Un espoir. Bien qu’il n’existe actuellement aucun traitement contre l’addiction au cannabis, le professeur Pier-Vincenzo Piazza, psychiatre, neurobiologiste et lauréat du Grand Prix Inserm, travaille depuis plus de dix ans sur un médicament qui permettrait de traiter spécifiquement cette addiction.
Le nom de ce candidat médicament : AEF0117. Comment ça marche ? Quels sont ses effets ? Où sont les études cliniques ? 20 minutes J’ai rencontré le chercheur pour comprendre en quoi consiste cette molécule porteuse d’espoir.
En quoi consiste ce médicament ?
Pour trouver ce médicament, qui consiste en une capsule à avaler une fois par jour, l’équipe du professeur Piazza s’est penchée sur un récepteur particulier du cerveau : le CB1. Le THC, le principe actif du cannabis, provoque une hyperactivation de ce récepteur responsable des effets d’addiction. Et le candidat médicament vise à inhiber la signalisation CB1.
Mais ce n’est pas si simple. Les inhibiteurs précédents avaient déjà cherché à bloquer toute activité du récepteur CB1, y compris les fonctions nécessaires au bon fonctionnement de l’organisme. Cela avait entraîné l’apparition d’effets secondaires graves, comme la dépression et l’anxiété, et avait donc empêché l’avancée des essais cliniques.
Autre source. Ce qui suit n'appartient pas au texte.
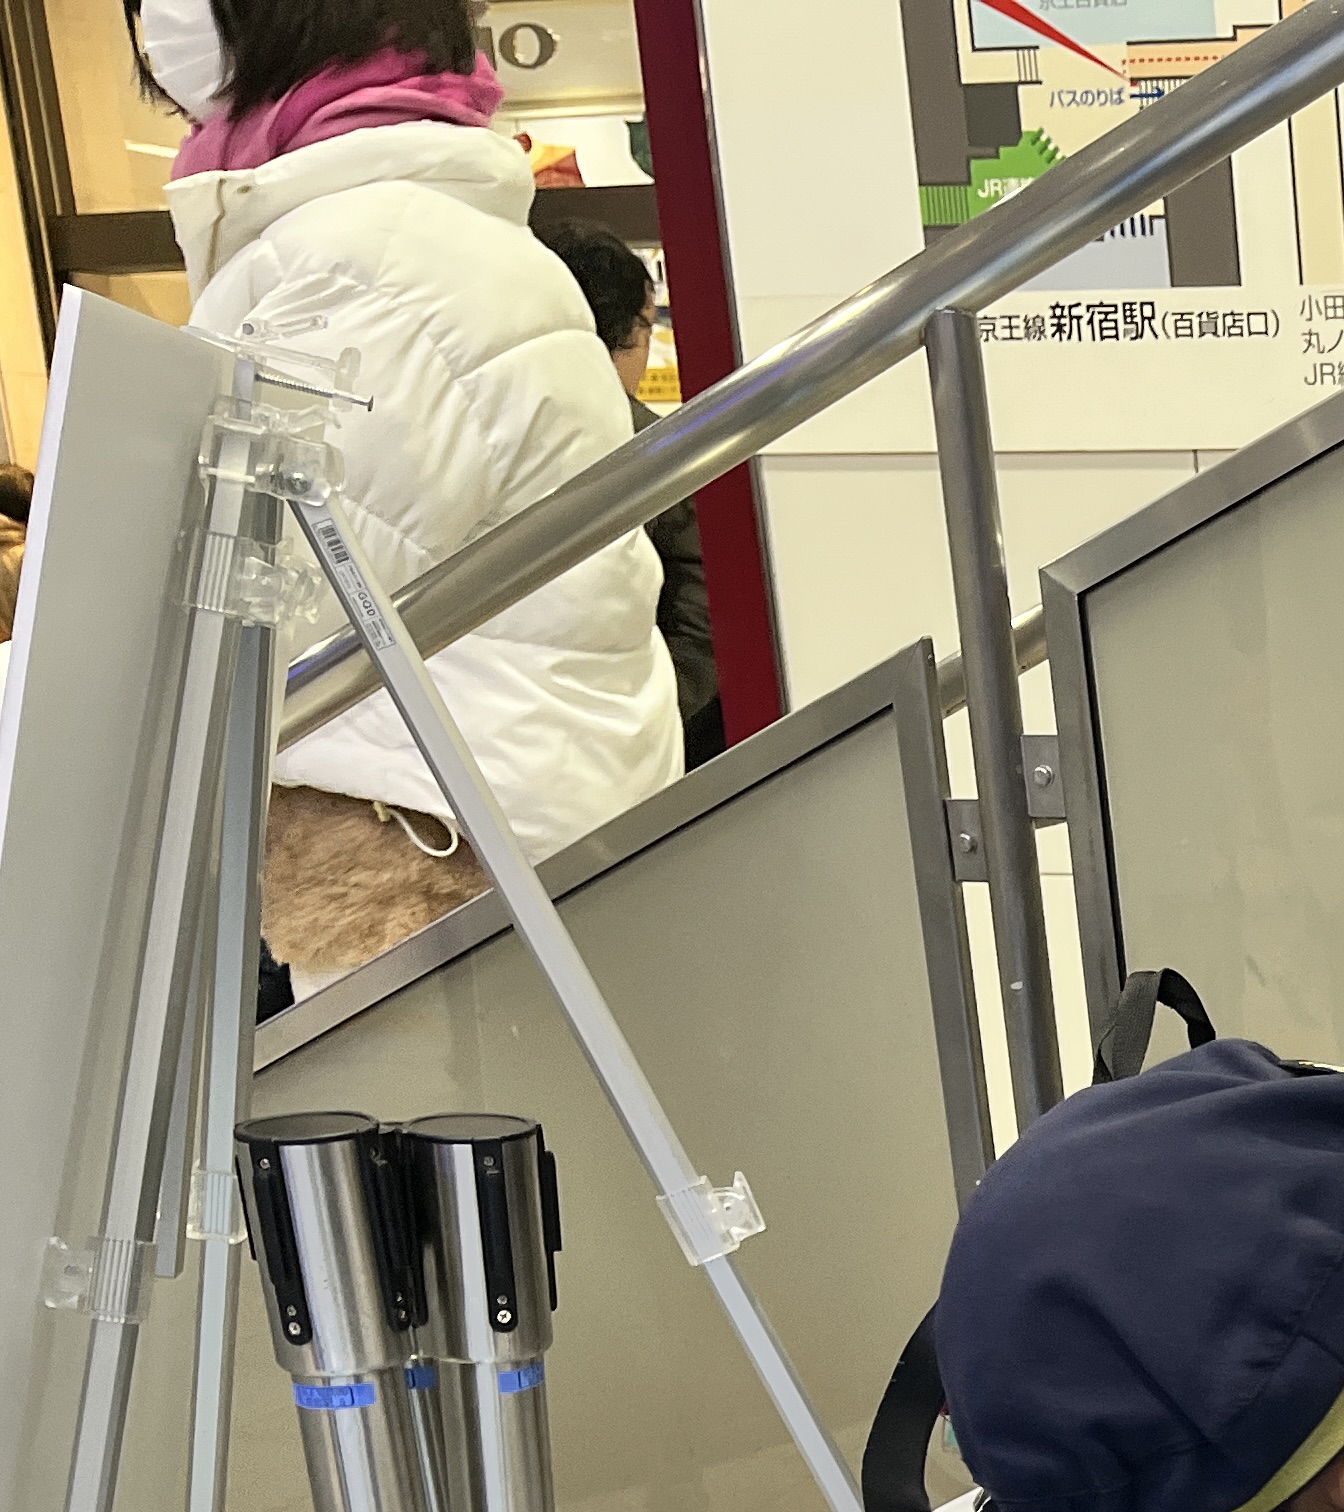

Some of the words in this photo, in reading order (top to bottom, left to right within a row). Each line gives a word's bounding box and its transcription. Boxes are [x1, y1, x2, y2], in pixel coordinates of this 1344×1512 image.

[1050, 87, 1125, 108] バスのりば
Cette nouvelle classe de médicaments, appelés « inhibiteurs spécifiques de la signalisation du récepteur CB1 » ou « CB1-SSi », bloque sélectivement l’activité du récepteur. « Avec nos molécules, nous bloquons uniquement la partie liée à l’hyperactivation pathologique mais nous préservons celle liée aux fonctions de base du récepteur », explique Pier-Vincenzo Piazza, patron d’Aelis Farma.
Quels sont ses effets ?
Pier-Vincenzo Piazza parle d’un « triple effet cool kiss » du traitement. Selon les premières études réalisées, « cette molécule inhibe d’abord les effets euphorisants du THC », explique le neurobiologiste. Chez l’humain, les toxicomanes ressentent moins les effets agréables de la substance, fumer devient « moins bon que d’habitude ».
Deuxième effet cool kiss : la personne prenant le médicament candidat aurait moins envie de consommer du cannabis.
Troisième et dernier effet : l’absence de sevrage précipité par la prise du médicament. « 50 % des toxicomanes au cannabis auront un syndrome de sevrage trois jours après l’arrêt, avec une anxiété très forte et des difficultés à dormir et à manger. » Selon le professeur, les premières études réalisées n’ont mis en évidence aucun syndrome de sevrage précipité chez les patients ayant suivi le traitement.
C’est pour quand ?
Même si les premiers résultats sont prometteurs, la commercialisation du candidat médicament n’est pas imminente. Plusieurs études cliniques ont déjà été réalisées aux États-Unis. Deux essais de phase 1 réalisés sur des animaux « n’ont pas démontré d’effets secondaires graves et ont confirmé la bonne tolérance de l’AEF0117, même à fortes doses », selon Aelis Farma.
Le médicament candidat a ensuite été testé pendant cinq jours sur 29 fumeurs réguliers américains dont la consommation de cannabis était supérieure à 1 g par jour, six jours par semaine. Ces derniers étaient divisés en deux groupes. L’un a reçu 0,06 mg d’AEF0117 et l’autre 1 mg. Dans chacun des deux groupes, les fumeurs ont ressenti une réduction du sentiment de bien-être et d’euphorie associé à la consommation de cannabis. Et ceux qui ont reçu 1 mg de médicament ont également réduit leur consommation de cannabis à une consommation quotidienne. Ce sont ces résultats qui ont permis au professeur de mettre en avant les « trois effets cool kiss ».
Une deuxième phase de tests, plus approfondie, vient de s’achever. Elle a cette fois été réalisée sur une période de trois mois auprès de 333 personnes dépendantes réparties dans onze cliniques américaines. Quatre groupes ont été constitués. Les trois premiers ont reçu quotidiennement trois doses différentes d’AEF0117 et le dernier un placebo. « Il s’agit de la plus grande étude jamais réalisée pour le traitement de l’addiction au cannabis », se félicite le professeur Piazza. L’entreprise ne connaîtra les résultats de cet essai clinique qu’au troisième trimestre 2024.
S’ils s’avèrent positifs et que le candidat médicament est validé par la FDA (Food and Drug Administration), d’autres études seront alors menées aux Etats-Unis et en Europe avant une éventuelle commercialisation. Pier-Vincenzo Piazza est optimiste. « Je suis confiant car nous savons que le médicament est bien toléré. » En France, 900 000 personnes fument quotidiennement du cannabis, selon une étude réalisée par l’OFDT.